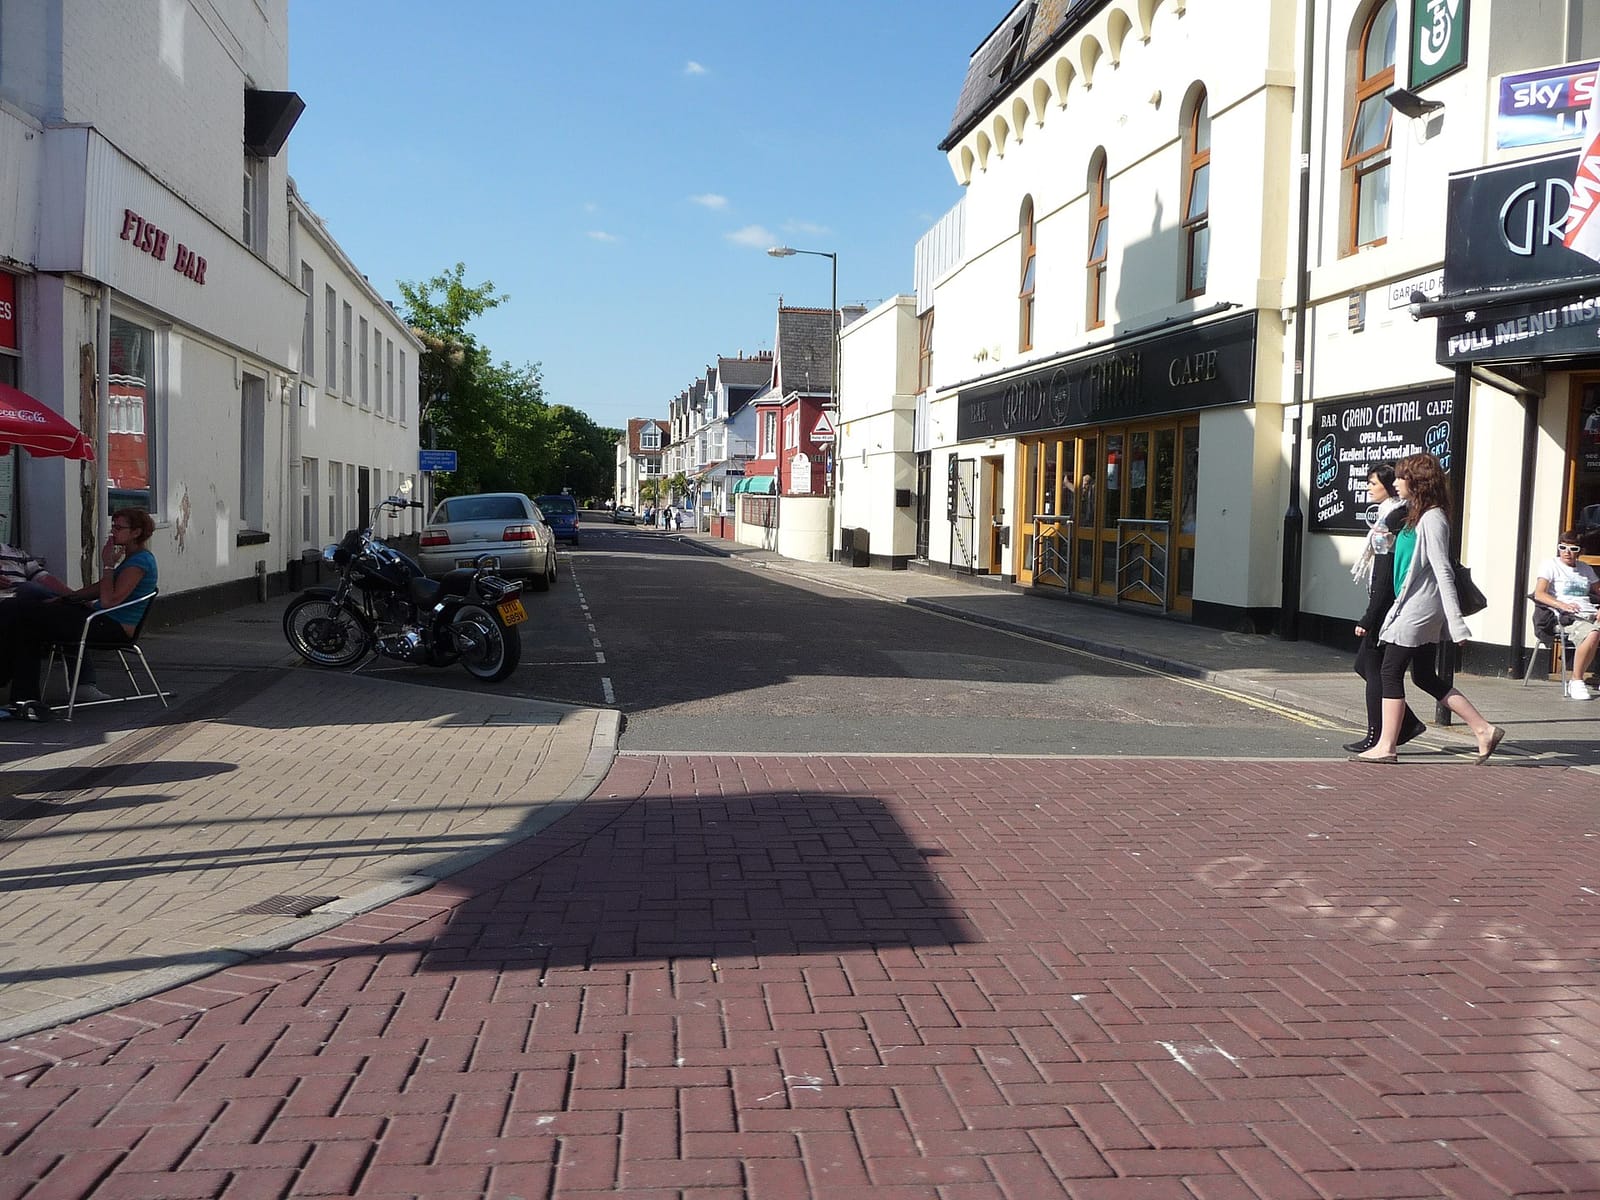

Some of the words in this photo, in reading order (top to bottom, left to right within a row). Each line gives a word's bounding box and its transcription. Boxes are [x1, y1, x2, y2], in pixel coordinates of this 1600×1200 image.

[1514, 82, 1564, 108] sky
[120, 209, 169, 261] FISH
[173, 243, 207, 285] BAR
[1392, 278, 1436, 301] GARFIELD
[1448, 328, 1493, 357] FULL
[1495, 309, 1557, 346] MENU
[1169, 350, 1218, 386] CAFE
[1321, 414, 1337, 428] BAR
[1342, 407, 1373, 431] GRAND
[1376, 400, 1422, 428] CENTRAL
[1426, 400, 1453, 416] CAFE
[1360, 432, 1376, 444] OPEN
[1429, 426, 1447, 445] LIVE
[1340, 447, 1366, 462] Excellent
[1366, 445, 1382, 461] Food
[1382, 444, 1402, 460] Served
[1402, 444, 1410, 458] all
[1317, 465, 1336, 486] SPORT
[1317, 500, 1345, 523] SPECIALS
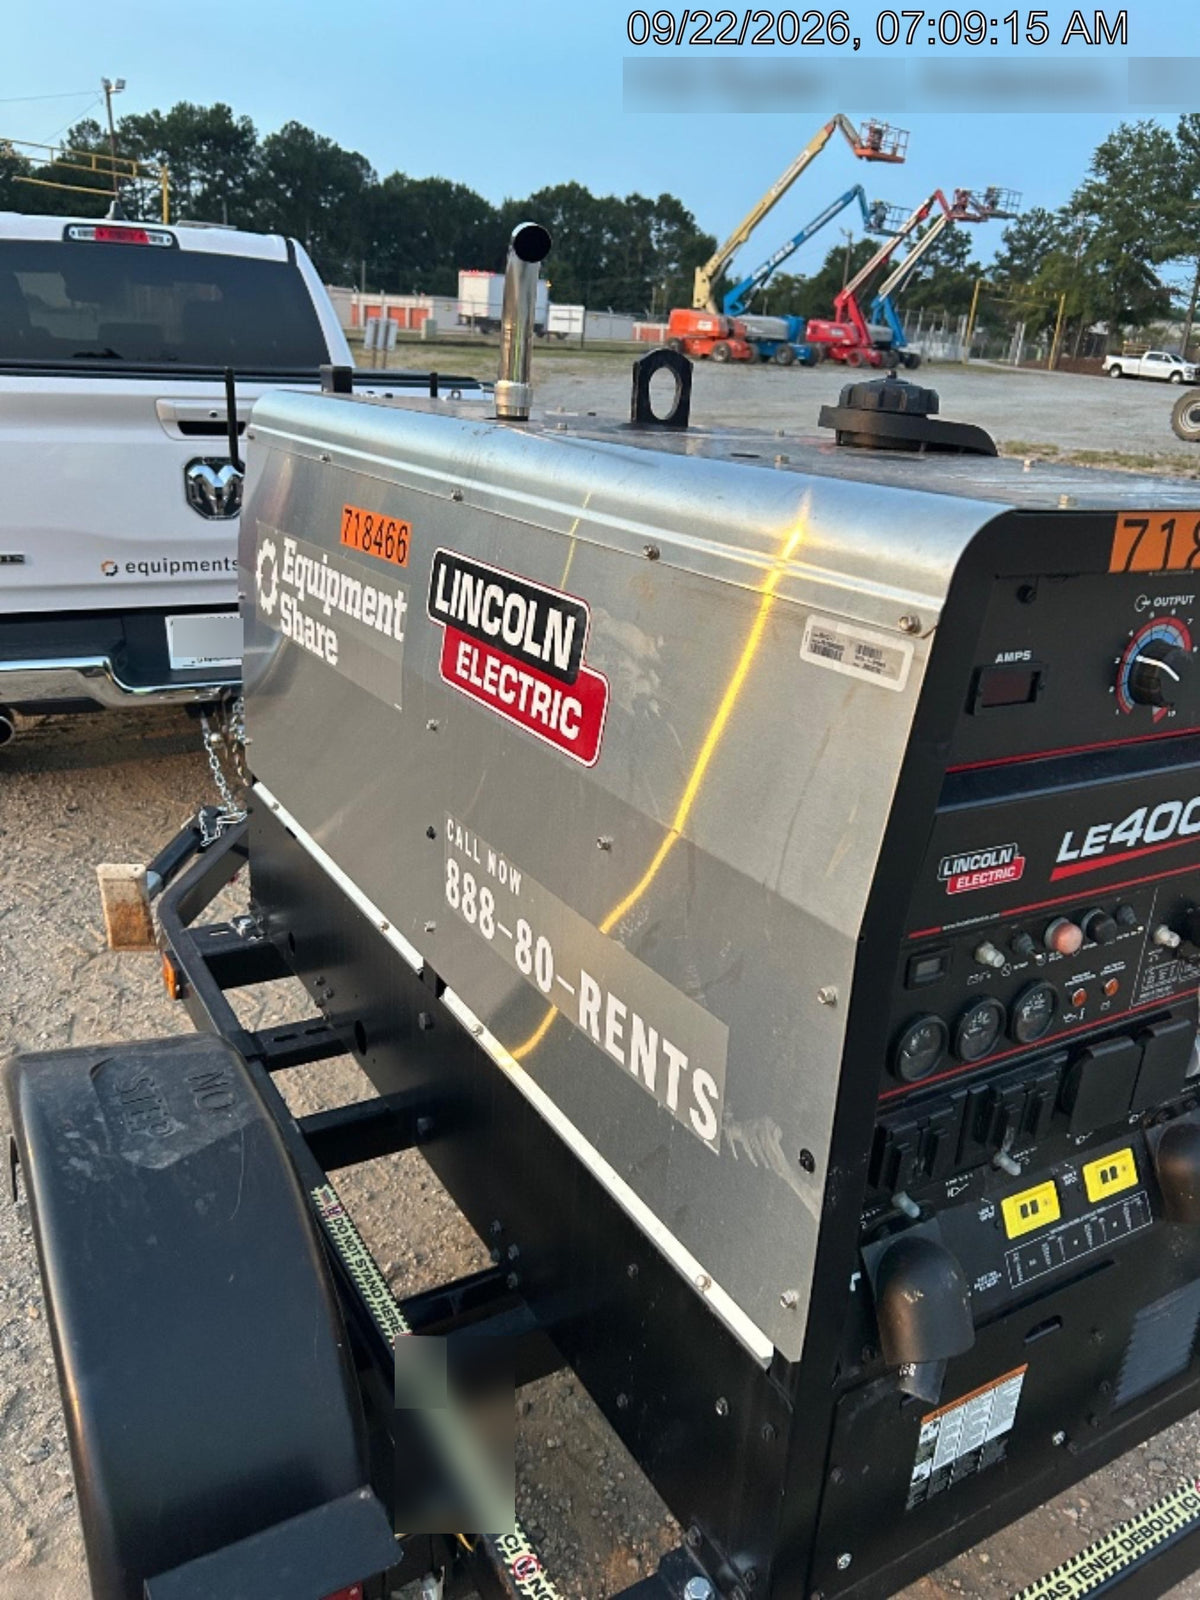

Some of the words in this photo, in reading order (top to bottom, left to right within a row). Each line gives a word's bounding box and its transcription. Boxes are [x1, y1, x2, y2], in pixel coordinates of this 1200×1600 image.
----------------------------------------
** Task directions **
Retype the data in full. Images do not go in the copy.

** Finished task **
Some of the words in this photo, in reading order (top to bottom, left to right within a row). Each line gives a word's bounding box and its transcription. Boxes are [x1, y1, x2, y2], in pixel coordinates of this 1600×1200 image.

[1514, 82, 1564, 108] sky
[120, 209, 169, 261] FISH
[173, 243, 207, 285] BAR
[1392, 278, 1436, 301] GARFIELD
[1448, 328, 1493, 357] FULL
[1495, 309, 1557, 346] MENU
[1169, 350, 1218, 386] CAFE
[1321, 414, 1337, 428] BAR
[1342, 407, 1373, 431] GRAND
[1376, 400, 1422, 428] CENTRAL
[1426, 400, 1453, 416] CAFE
[1360, 432, 1376, 444] OPEN
[1429, 426, 1447, 445] LIVE
[1340, 447, 1366, 462] Excellent
[1366, 445, 1382, 461] Food
[1382, 444, 1402, 460] Served
[1402, 444, 1410, 458] all
[1317, 465, 1336, 486] SPORT
[1317, 500, 1345, 523] SPECIALS

Some of the words in this photo, in reading order (top to bottom, left to right within a row). Each line gives a word's bounding box and its transcription. Boxes are [x1, y1, x2, y2], in pixel coordinates of this 1200×1600 image.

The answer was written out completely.